• **Exercise objective**
Drop every picture, then repeat the records exactly.

────

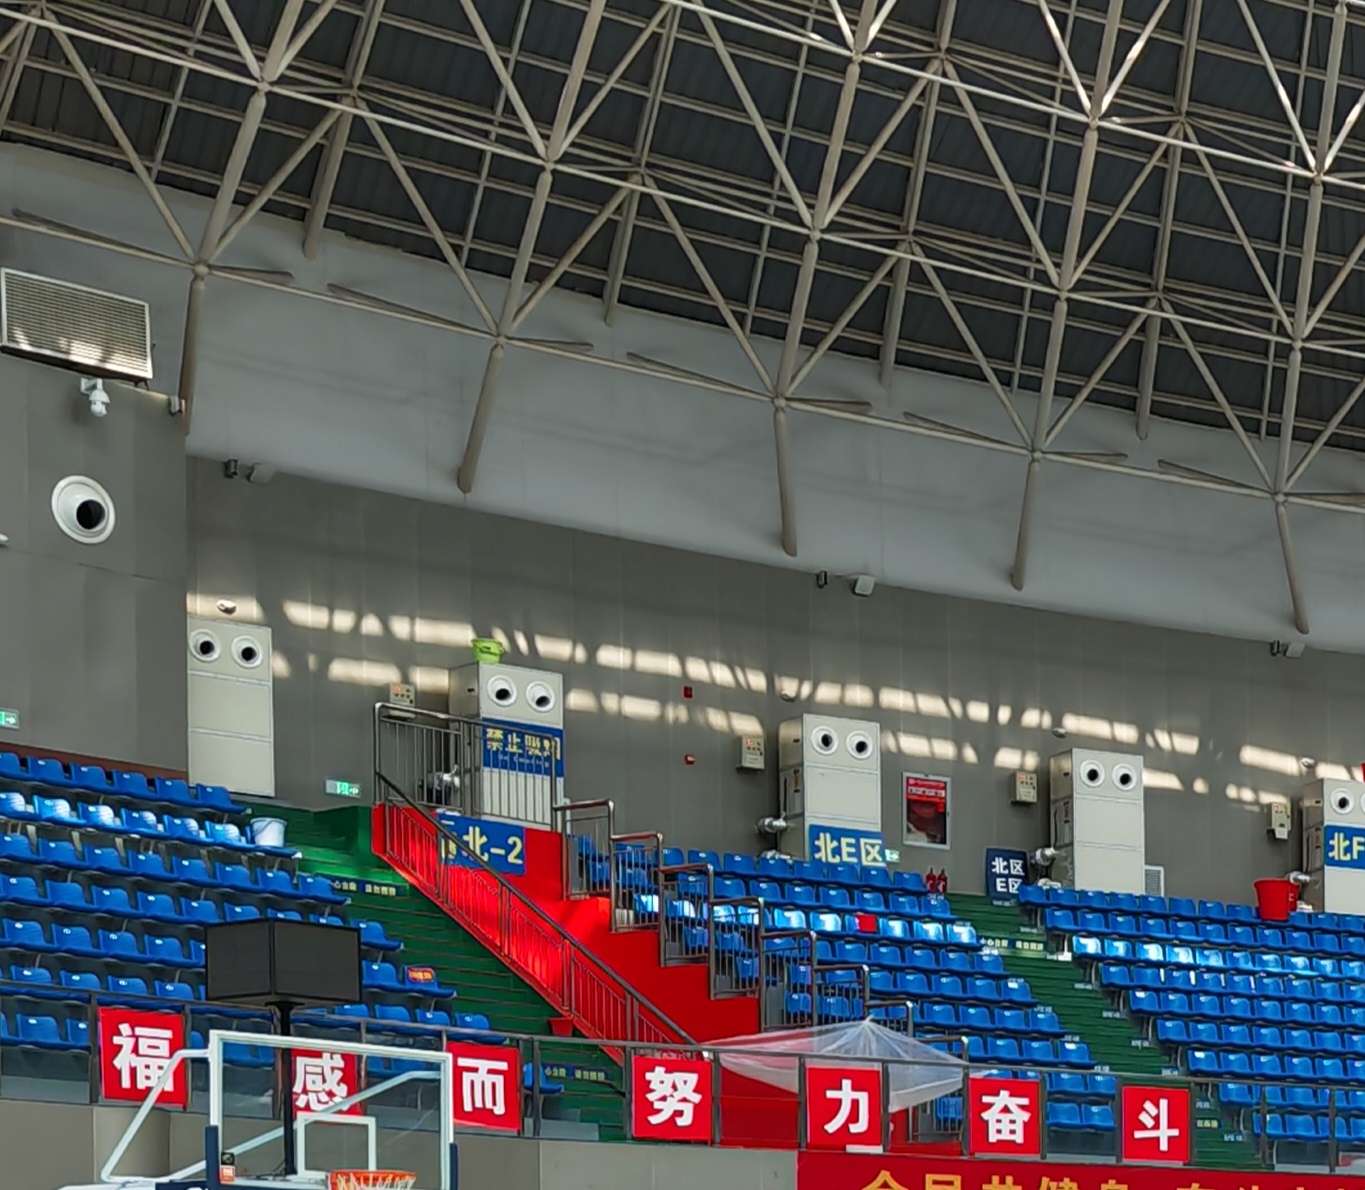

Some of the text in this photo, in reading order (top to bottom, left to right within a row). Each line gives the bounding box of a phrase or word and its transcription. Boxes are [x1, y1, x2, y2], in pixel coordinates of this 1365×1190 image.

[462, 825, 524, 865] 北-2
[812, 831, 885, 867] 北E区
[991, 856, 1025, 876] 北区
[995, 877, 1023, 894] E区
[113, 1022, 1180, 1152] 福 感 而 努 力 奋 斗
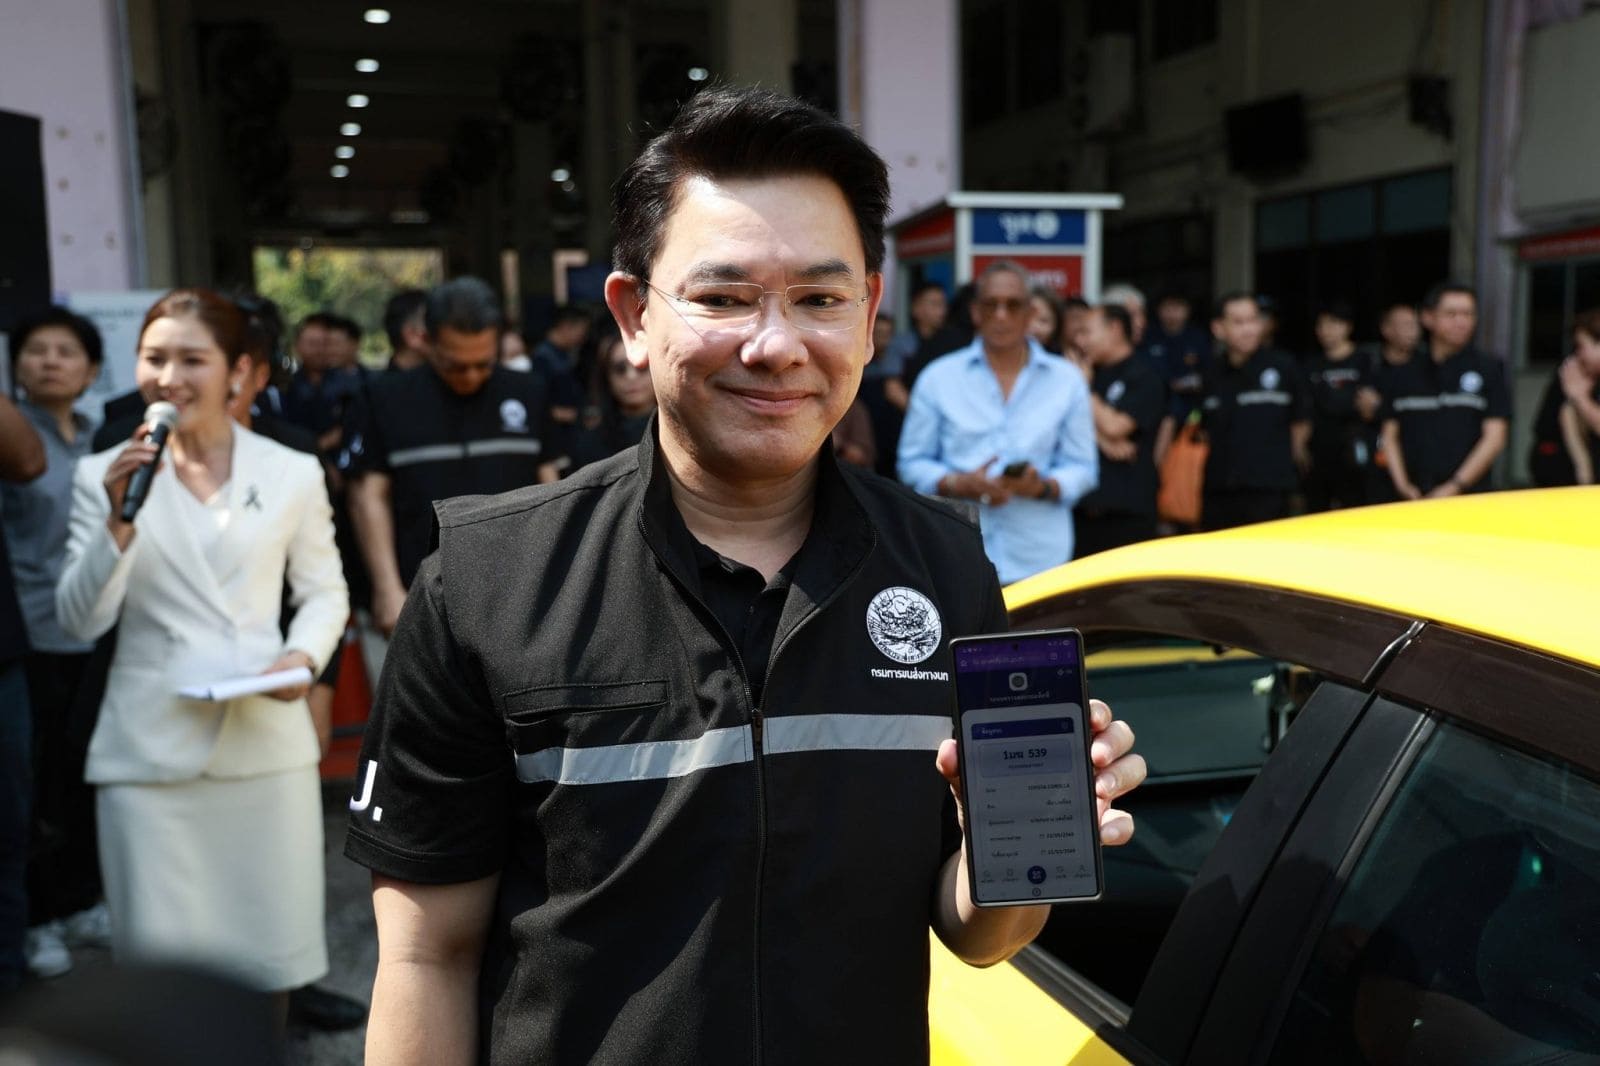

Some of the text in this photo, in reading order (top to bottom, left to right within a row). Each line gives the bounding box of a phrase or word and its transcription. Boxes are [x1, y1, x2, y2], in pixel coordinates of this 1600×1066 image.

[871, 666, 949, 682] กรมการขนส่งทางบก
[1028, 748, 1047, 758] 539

────

• **Solution to this task**
Some of the text in this photo, in reading order (top to bottom, left to right within a row). Each line gives the bounding box of a phrase or word and its transcription. Boxes are [x1, y1, x2, y2], in pixel coordinates of this 1365×1190 image.

[462, 825, 524, 865] 北-2
[812, 831, 885, 867] 北E区
[991, 856, 1025, 876] 北区
[995, 877, 1023, 894] E区
[113, 1022, 1180, 1152] 福 感 而 努 力 奋 斗

Some of the text in this photo, in reading order (top to bottom, left to right within a row). Each line gives the bounding box of a phrase or word and its transcription. Boxes are [x1, y1, x2, y2], in pixel coordinates of this 1600×1066 image.

[871, 666, 949, 682] กรมการขนส่งทางบก
[1028, 748, 1047, 758] 539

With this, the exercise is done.